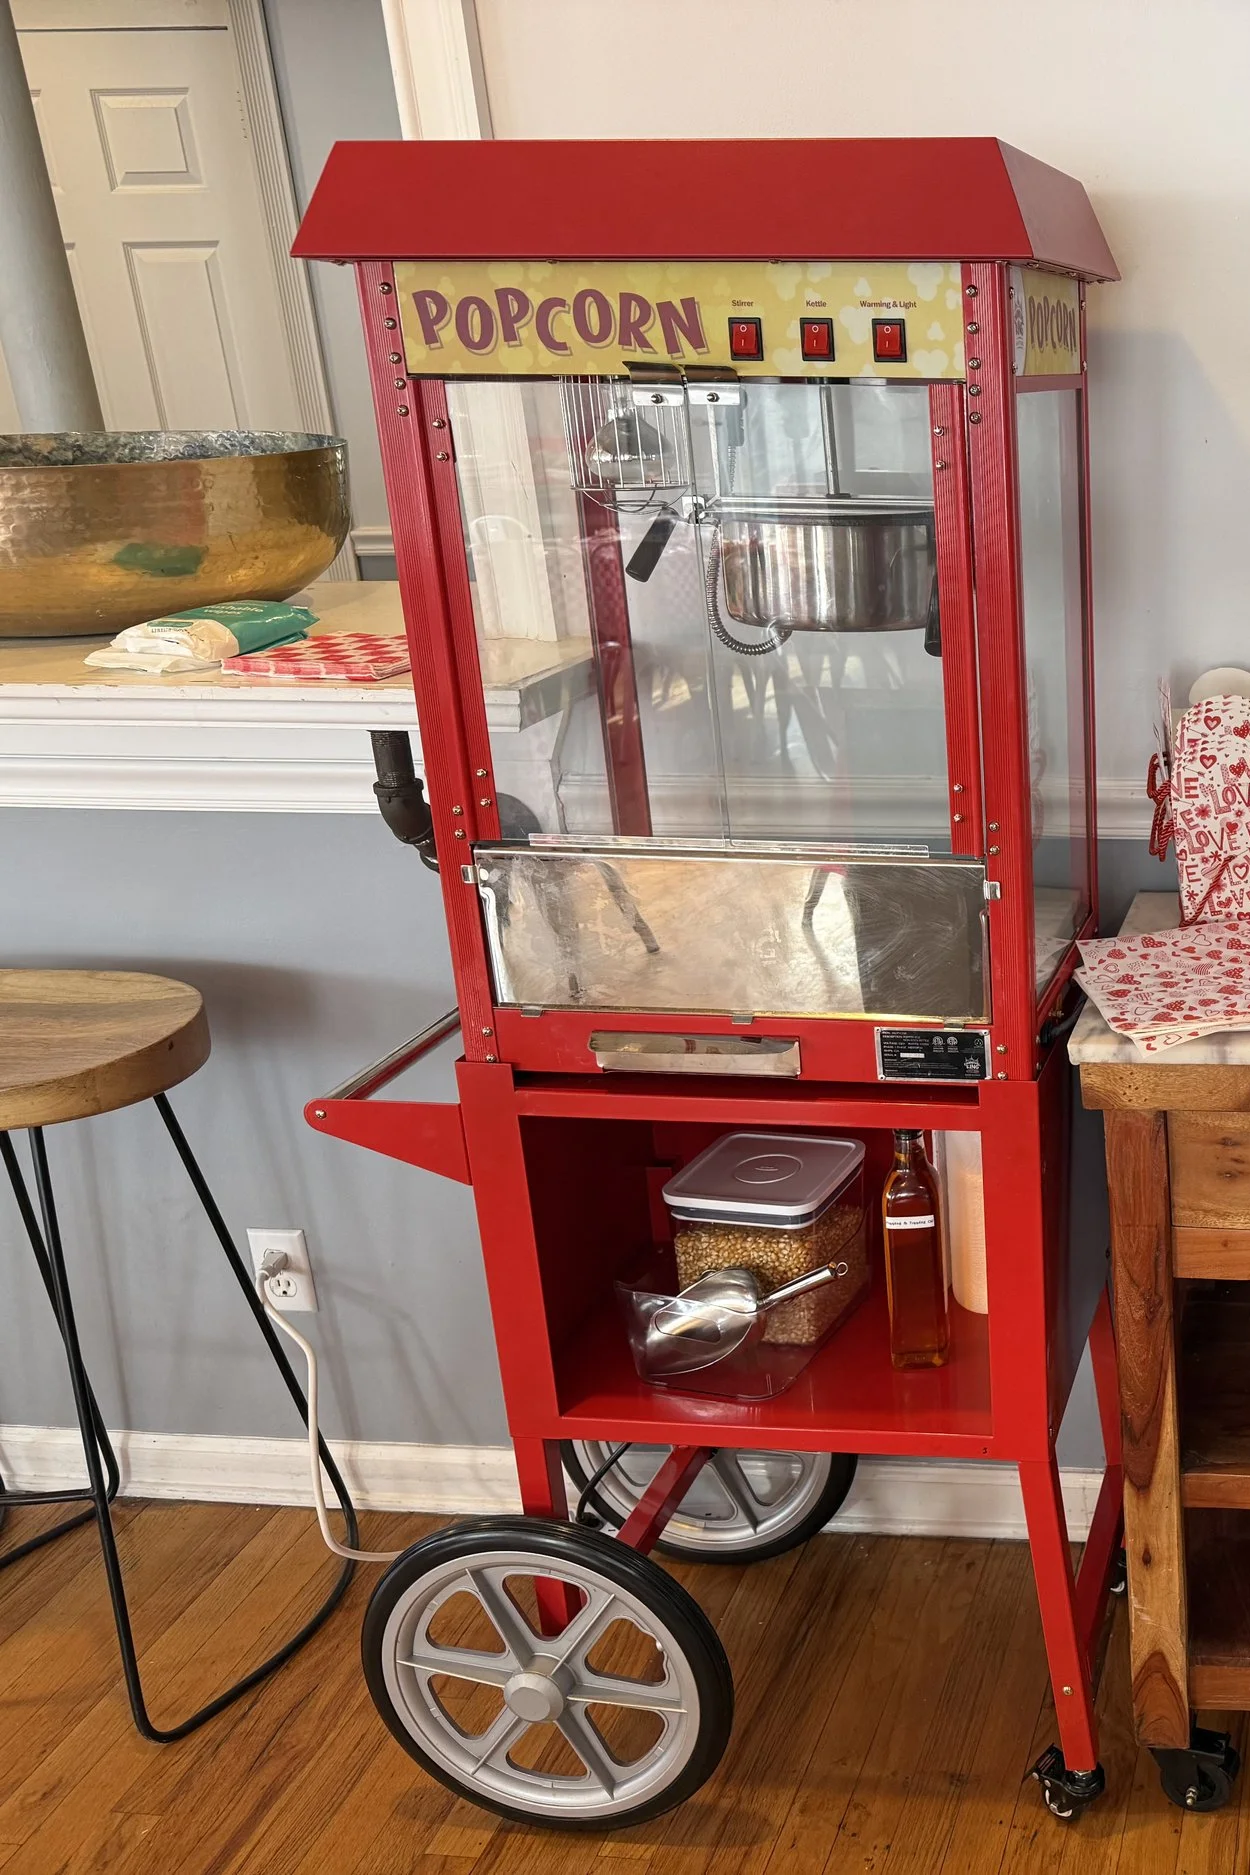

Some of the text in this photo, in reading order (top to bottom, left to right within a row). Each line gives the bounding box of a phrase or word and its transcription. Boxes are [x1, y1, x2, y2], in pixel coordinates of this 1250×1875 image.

[731, 299, 754, 307] Stirrer
[805, 299, 827, 308] Kettle
[859, 300, 917, 309] Warming & Light
[412, 287, 708, 357] POPCORN
[1028, 295, 1077, 356] POPCORN
[1185, 826, 1242, 855] LOVE
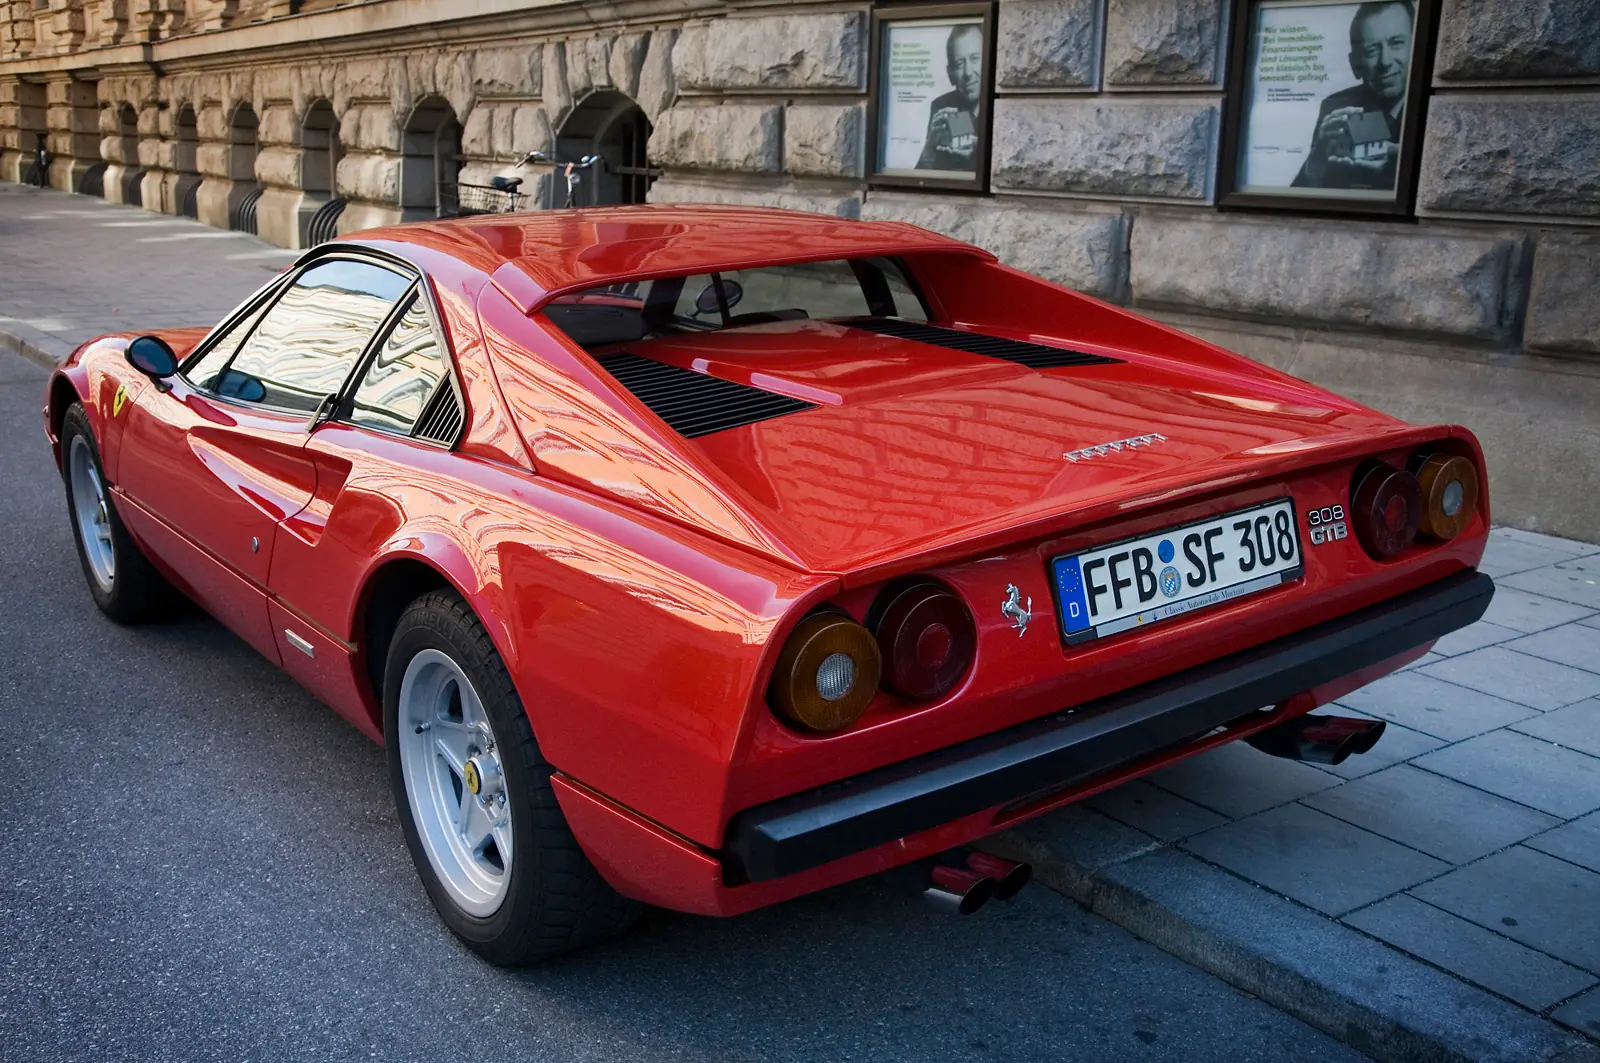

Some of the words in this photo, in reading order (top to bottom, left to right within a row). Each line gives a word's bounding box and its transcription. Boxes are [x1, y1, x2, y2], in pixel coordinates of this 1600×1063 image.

[1308, 504, 1345, 526] 308
[1309, 521, 1348, 546] GTB
[1083, 547, 1158, 617] FFB
[1182, 527, 1225, 588] SF
[1233, 510, 1294, 572] 308
[1069, 601, 1080, 618] D
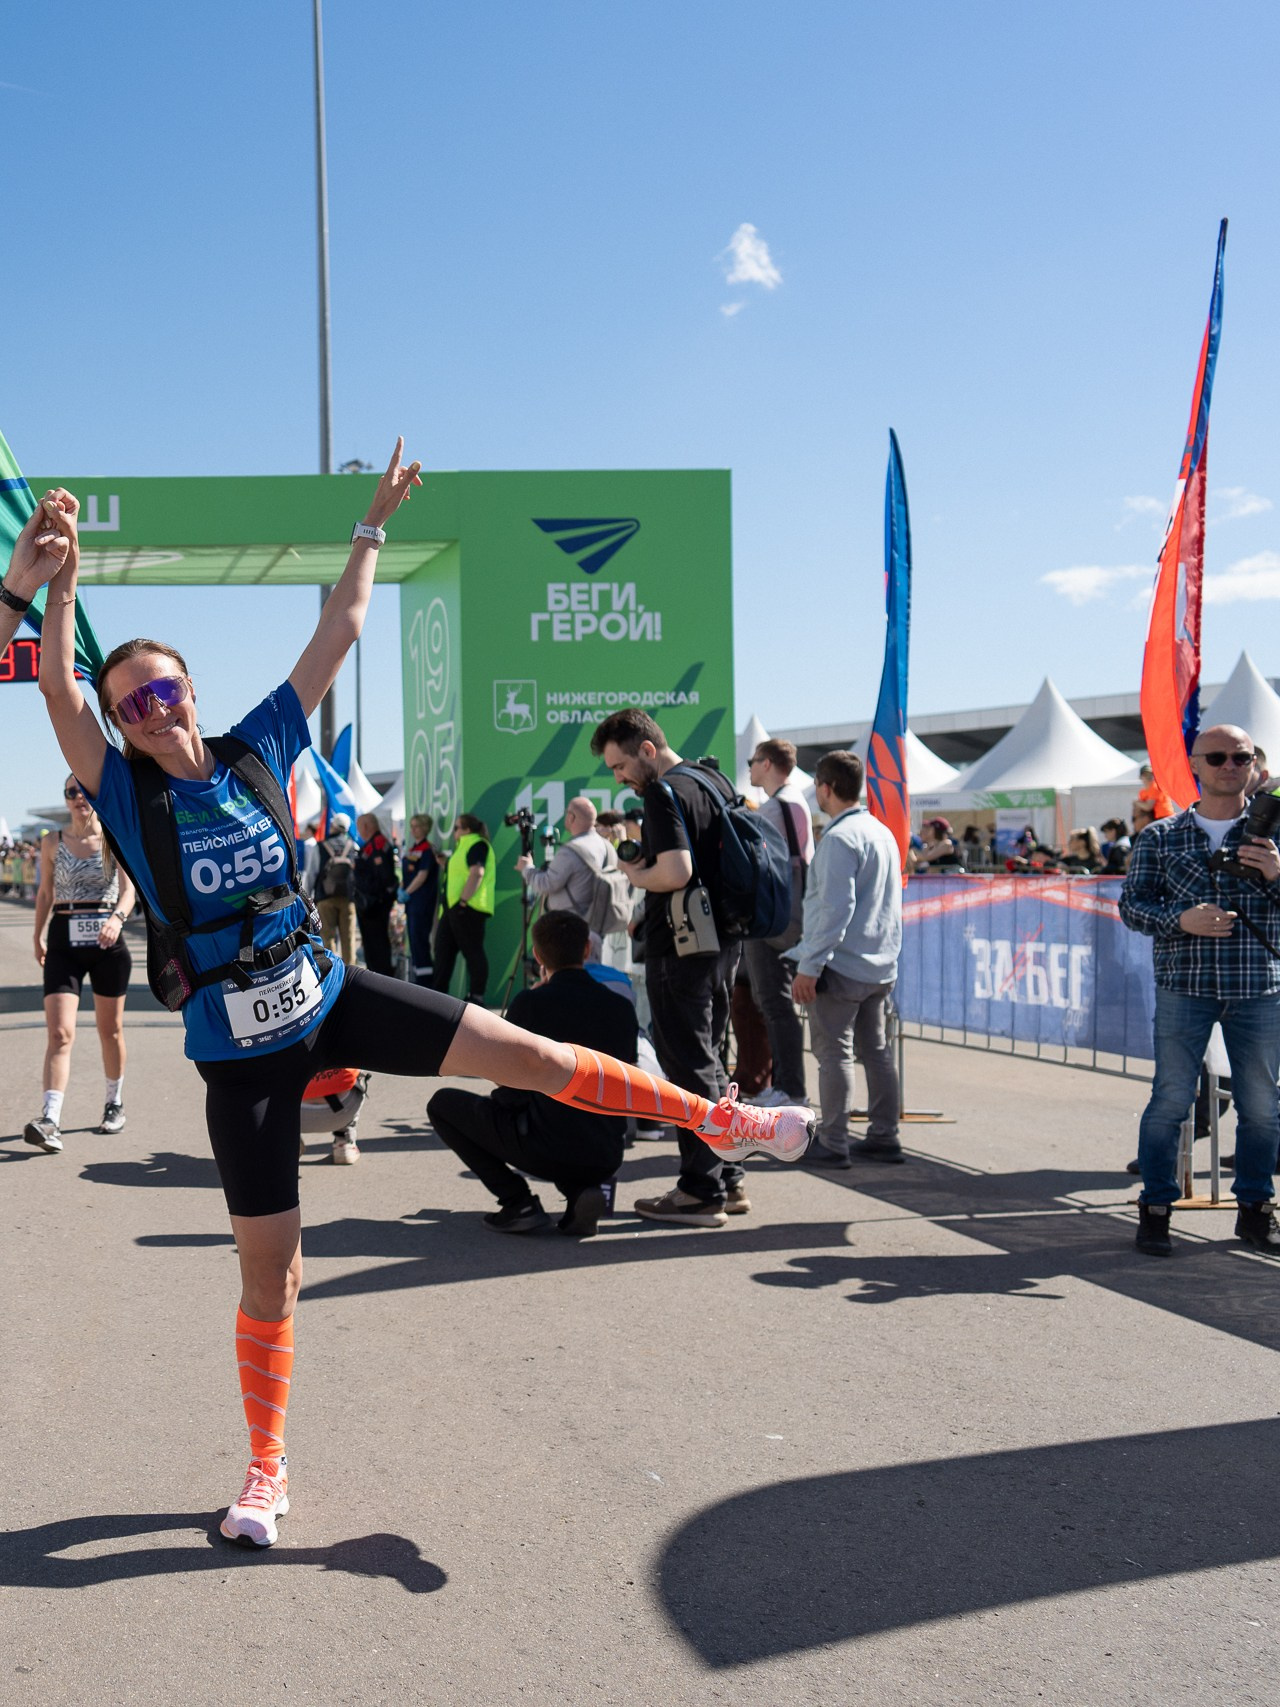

TASK STATEMENT: For the data above, return an exact copy that contains no pictures.

EXERCISE SOLUTION:
Some of the text in this photo, in reading order (top to bottom, left to right within a row). Each line gives the bounding box of a phrase or word and its transcription. Boxes are [x1, y1, x2, y2], in pixel coordinates of this 1250×1875 image.

[731, 299, 754, 307] Stirrer
[805, 299, 827, 308] Kettle
[859, 300, 917, 309] Warming & Light
[412, 287, 708, 357] POPCORN
[1028, 295, 1077, 356] POPCORN
[1185, 826, 1242, 855] LOVE

Some of the words in this photo, in reading order (top to bottom, left to right within a row). Each line gives a word's bounding box and its transcription. Boxes are [x1, y1, x2, y2], in pixel coordinates of this 1600×1063 image.

[1308, 504, 1345, 526] 308
[1309, 521, 1348, 546] GTB
[1083, 547, 1158, 617] FFB
[1182, 527, 1225, 588] SF
[1233, 510, 1294, 572] 308
[1069, 601, 1080, 618] D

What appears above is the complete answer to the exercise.